Acute myocardial ischemia (AMI) remains the leading cause of death worldwide, and the post-mortem diagnosis of AMI represents a current challenge for both clinical and forensic pathologists. In the present study, the untargeted metabolomics based on ultra-performance liquid chromatography combined with high-resolution mass spectrometry was applied to analyze serum metabolic signatures from AMI in a rat model (n = 10 per group). A total of 28 endogenous metabolites in serum were significantly altered in AMI group relative to control and sham groups. A set of machine learning algorithms, namely gradient tree boosting (GTB), support vector machine (SVM), random forest (RF), logistic regression (LR), and multilayer perceptron (MLP) models, was used to screen the more valuable metabolites from 28 metabolites to optimize the biomarker panel. The results showed that classification accuracy and performance of MLP model were better than other algorithms when the metabolites consisting of L-threonic acid, N-acetyl-L-cysteine, CMPF, glycocholic acid, L-tyrosine, cholic acid, and glycoursodeoxycholic acid.
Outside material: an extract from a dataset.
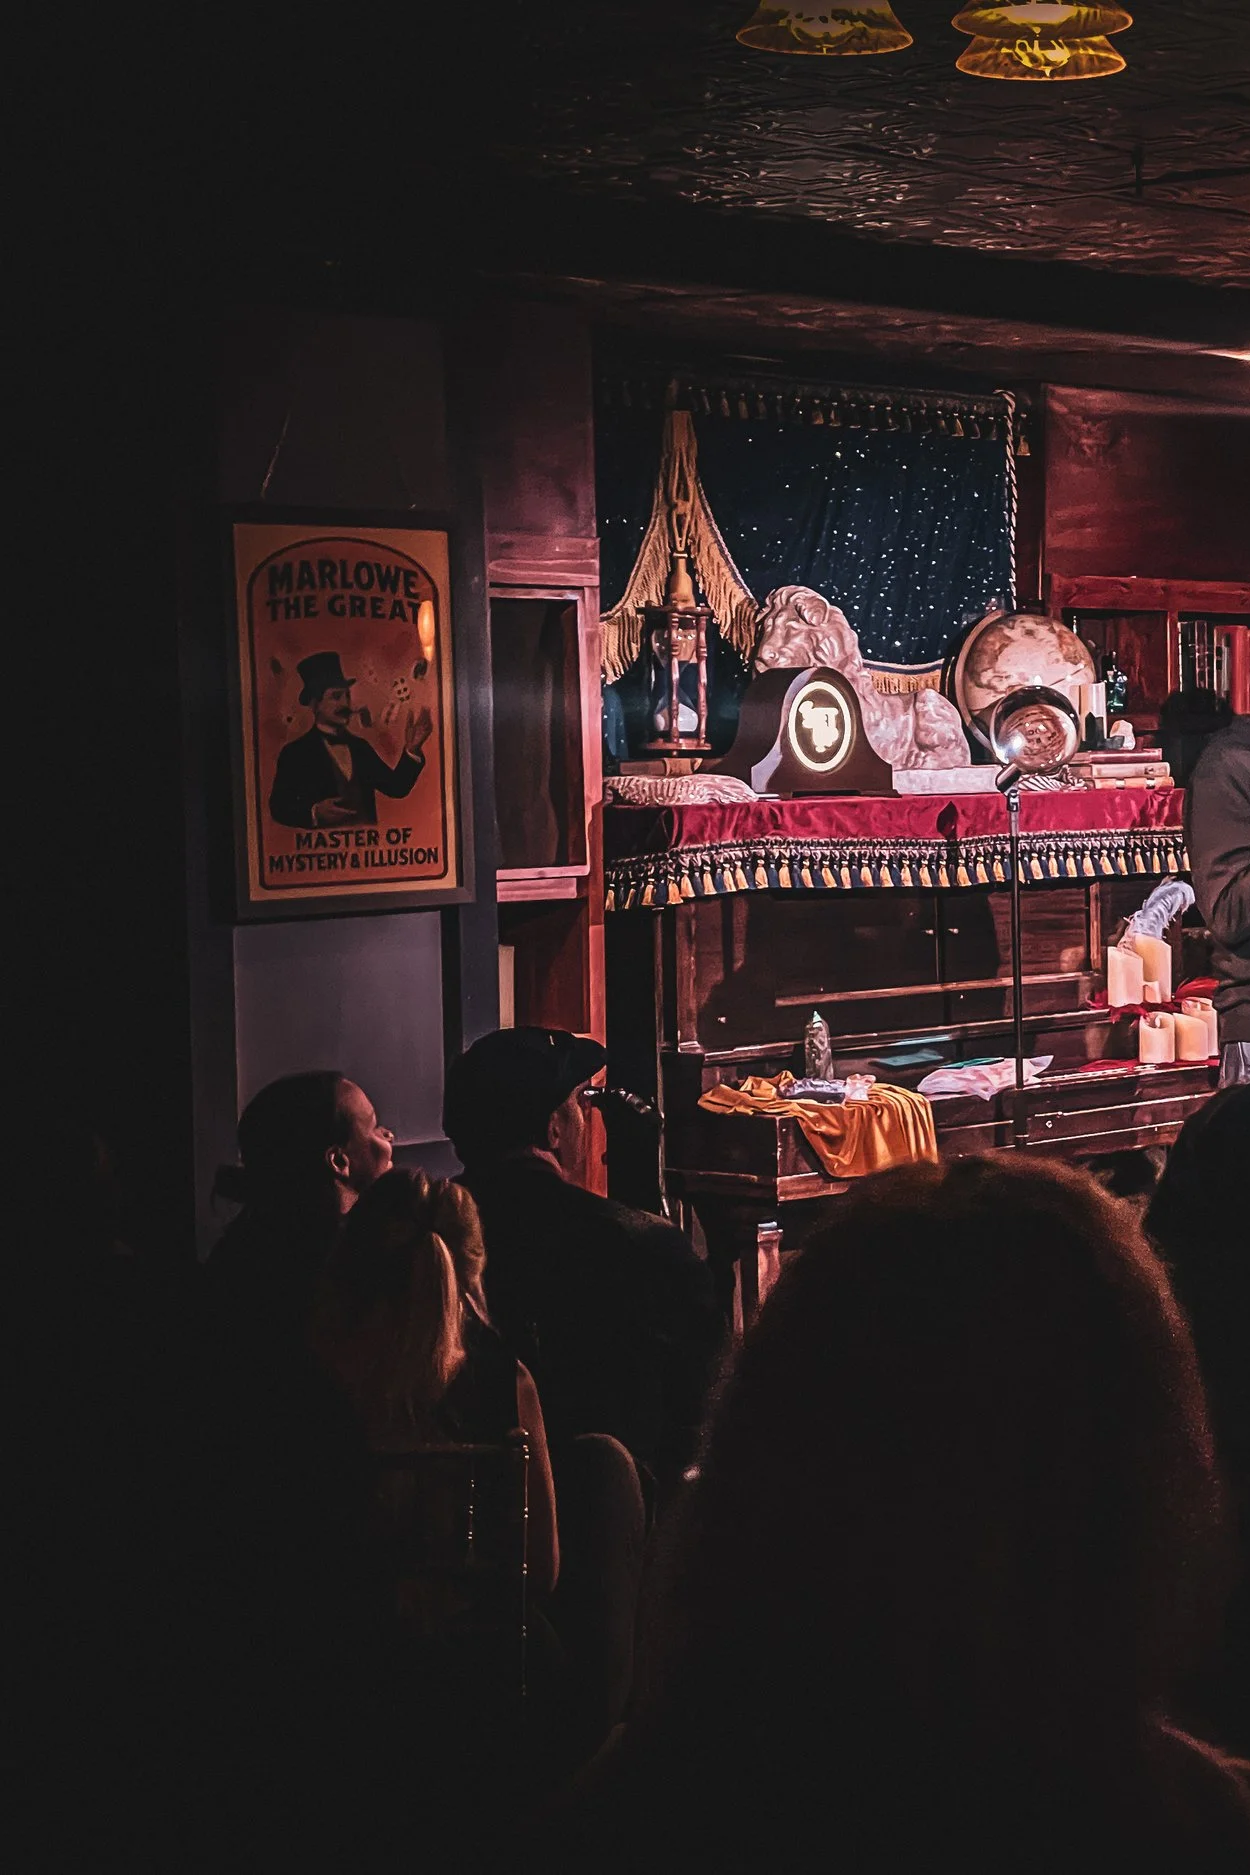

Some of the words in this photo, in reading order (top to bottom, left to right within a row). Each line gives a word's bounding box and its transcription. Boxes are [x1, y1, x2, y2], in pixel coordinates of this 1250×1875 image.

Finally, 17 blood samples from autopsy cases were applied to validate the classification model's value in human samples. The MLP model constructed based on rat dataset achieved accuracy of 88.23%, and ROC of 0.89 for predicting AMI type II in autopsy cases of sudden cardiac death. The results demonstrated that MLP model based on 7 molecular biomarkers had a good diagnostic performance for both AMI rats and autopsy-based blood samples. Thus, the combination of metabolomics and machine learning algorithms provides a novel strategy for AMI diagnosis.
Keywords: Acute myocardial ischemia; Machine learning algorithms; Metabolomics; Potential biomarkers; Sudden cardiac death.
© 2022. The Author(s), under exclusive licence to Springer-Verlag GmbH Germany, part of Springer Nature.